O longo período de tempo que demandou a estruturação da Rede Jovem de Cidadania até seu atual estágio vai ao encontro do que aponta a professora Rousiley Maia: “(...) a expansão de um movimento social não é algo que ocorra de modo automático, mas ao invés disso, pressupõe a mobilização de redes de comunicação informal dentre e entre os grupos sociais” (MAIA, 2004, p. 25).

São os mais de trinta movimentos sociais que compõem a RJC e seu Conselho de Mídias, dentre eles, o Grupo Cultural Encaixa Couro, que trabalha com música negra de raiz, o Grupo Negras Ativas e o Grupo Juventude Hip Hop, que conformam-se como locus de argumentação onde acontece um processo reflexivo. É preciso salientar que apenas parte deste processo torna-se visível no programa da RJC. Já que várias de suas etapas dão-se longe dos holofotes da mídia, em encontros informais ou fóruns organizados, ou seja, em microprocessos sociais, que fomentam e são fomentados, de maneira circular pela mídia.

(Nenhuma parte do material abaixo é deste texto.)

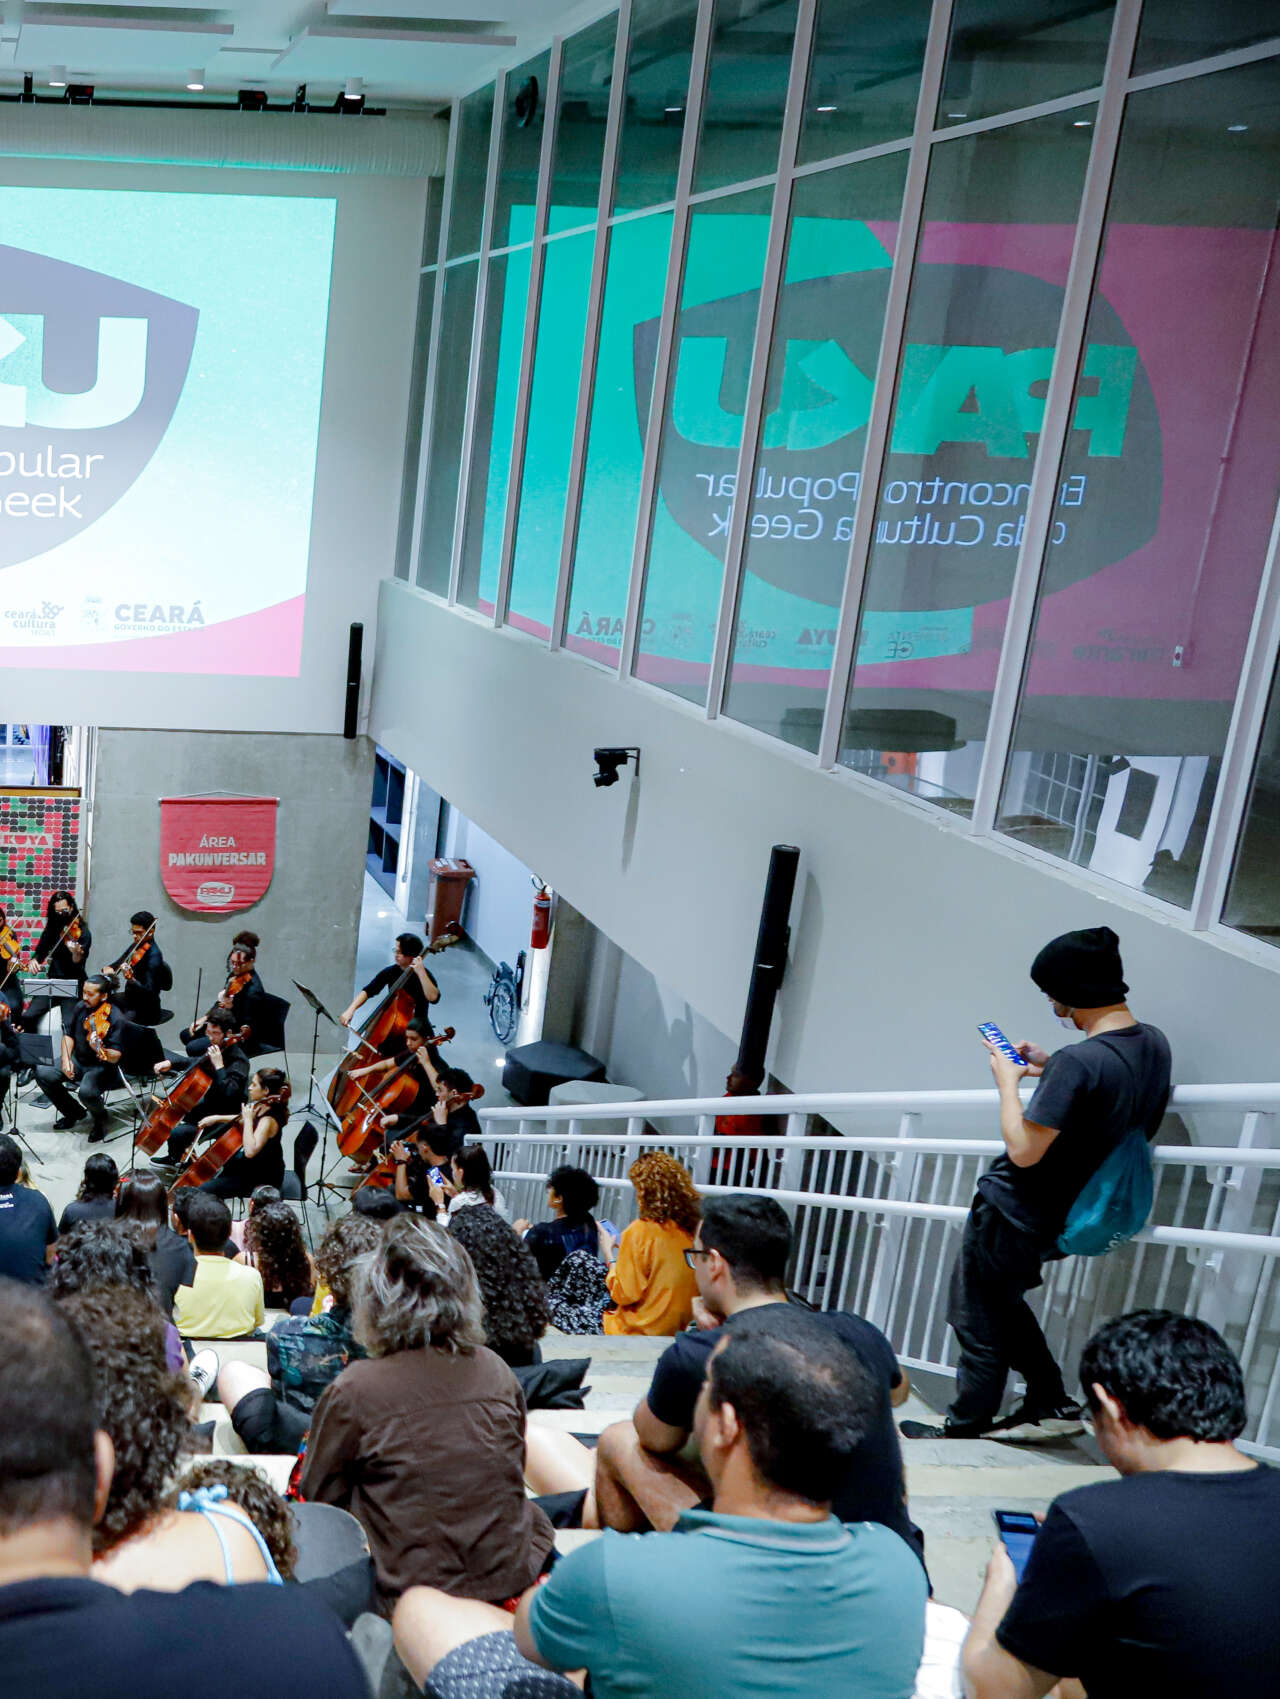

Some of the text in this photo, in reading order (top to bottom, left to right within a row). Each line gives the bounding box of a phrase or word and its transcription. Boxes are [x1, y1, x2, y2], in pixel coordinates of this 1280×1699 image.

[114, 600, 205, 625] CEARÁ
[3, 834, 49, 846] KUYA
[199, 833, 236, 848] ÁREA

Para se analisar as ações da RJC, é preciso deixar claro que a esfera pública, essa rede adequada para a comunicação de conteúdos, tomadas de posição e opiniões, tem uma dinâmica que acolhe fluxos comunicativos oriundos do centro do poder e também aqueles advindos da periferia. É por isso que em sociedades democráticas, como a brasileira, é possível falar em um deslocamento de quadros de sentido naturalizados e cristalizados na sociedade, principalmente, no âmbito da redescoberta do poder da sociedade civil, utilizando-se como exemplo a atuação da Rede Jovem.

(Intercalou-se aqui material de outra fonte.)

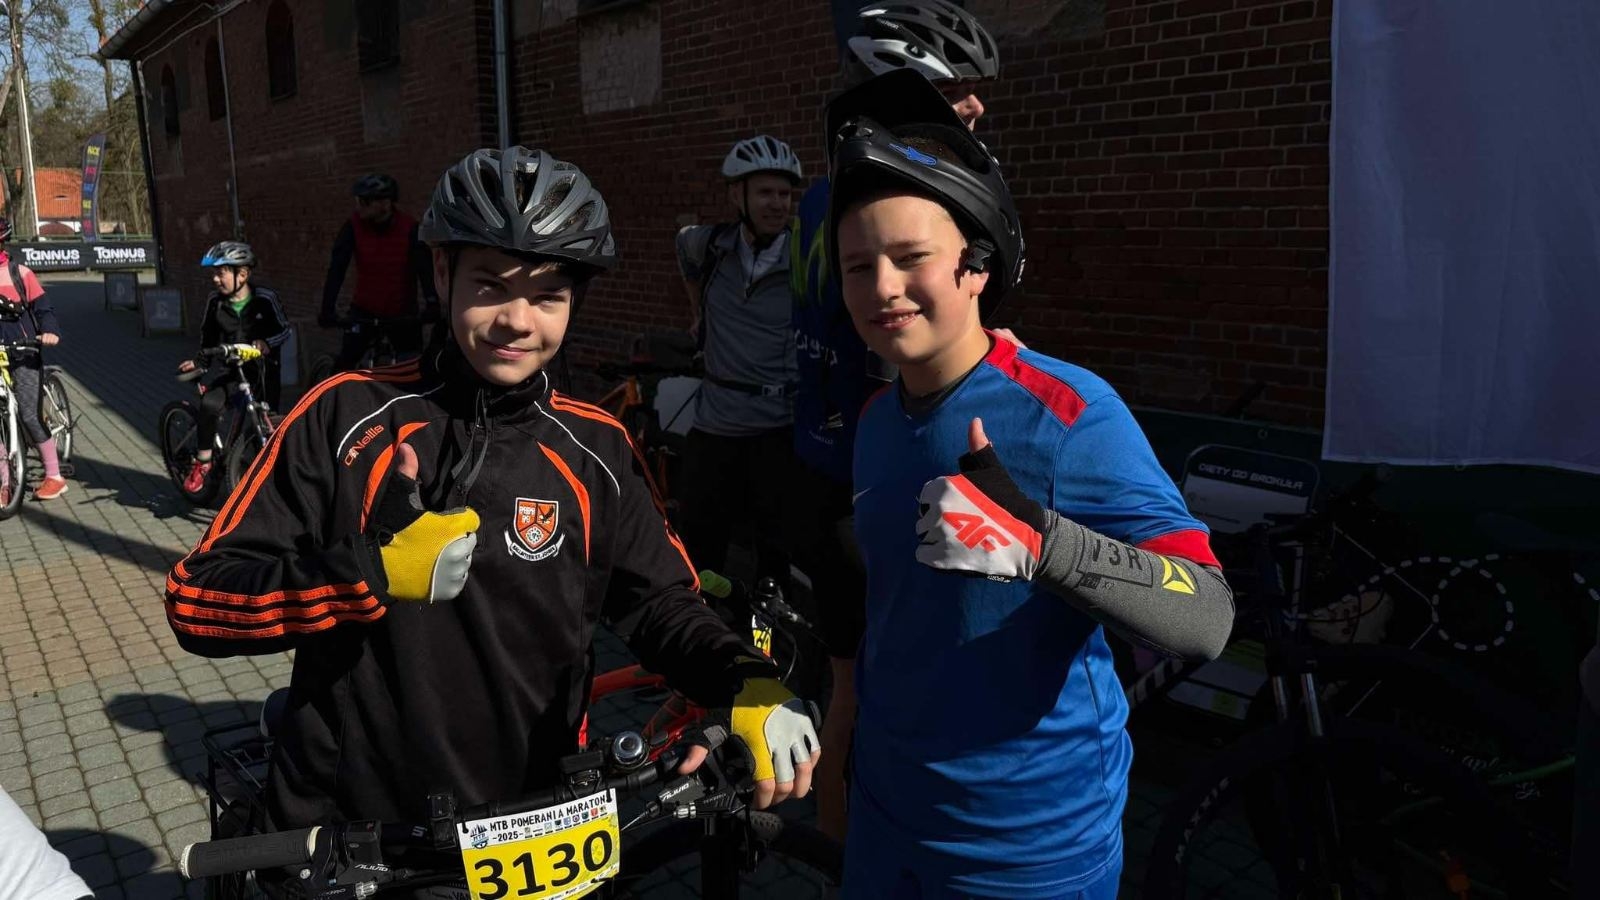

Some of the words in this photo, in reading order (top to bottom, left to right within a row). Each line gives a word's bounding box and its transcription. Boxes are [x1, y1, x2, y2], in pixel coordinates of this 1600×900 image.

[942, 511, 1012, 553] 4F
[489, 819, 508, 832] MTB
[566, 795, 607, 815] MARATON
[474, 829, 613, 900] 3130

Jovens, condições socioeconômicas precárias, estudantes de escolas públicas, moradores de periferia: em produções da grande mídia as chances de estes personagens protagonizarem as melhores e mais edificantes histórias, os heróis em primeiro plano são pequenas. A produção de um noticiário, por exemplo, atende a uma linha de produção em que especialistas, atores governamentais e a sociedade civil organizada têm muito mais chances de angariar visibilidade a seus discursos do que sujeitos atomizados, não-organizados da sociedade civil. Sem a possibilidade de tornar visíveis seus discursos, muito menos, de conseguir gerar uma publicidade no sentido forte a seus argumentos, mas, cientes de que a exclusão não é um fenômeno de natureza apenas material, sendo também simbólica, atores privados da sociedade civil têm buscado a organização coletiva para vencer os entraves da grande mídia. Assim, este estudo procurará perceber como os indivíduos alvos de prejuízo simbólico têm a capacidade de produzir contranarrativas que expressem maneiras de se reapropriar do que é produzido pelo sistema midiático por meio de táticas próprias e práticas cotidianas para questionar o próprio sistema e, indo além, garantir visibilidade a tais contranarrativas (M. DE CERTEAU apud MARQUES, 2007, p.34). É essa capacidade mesma de garantir visibilidade às falas miúdas, produzidas fora dos circuitos oficiais, ao burburinho das ruas, ao discurso que Habermas aponta como estando presente na esfera pública episódica (bares, cafés, encontros na rua) e que fomenta de maneira circular os fluxos comunicacionais produzidos na esfera pública organizada (como as redes de interações simbólicas produzidas pelos atores coletivos da sociedade civil) e na esfera abstrata (a cena midiática) que se pretende analisar nesta pesquisa (HABERMAS, 2003, 107).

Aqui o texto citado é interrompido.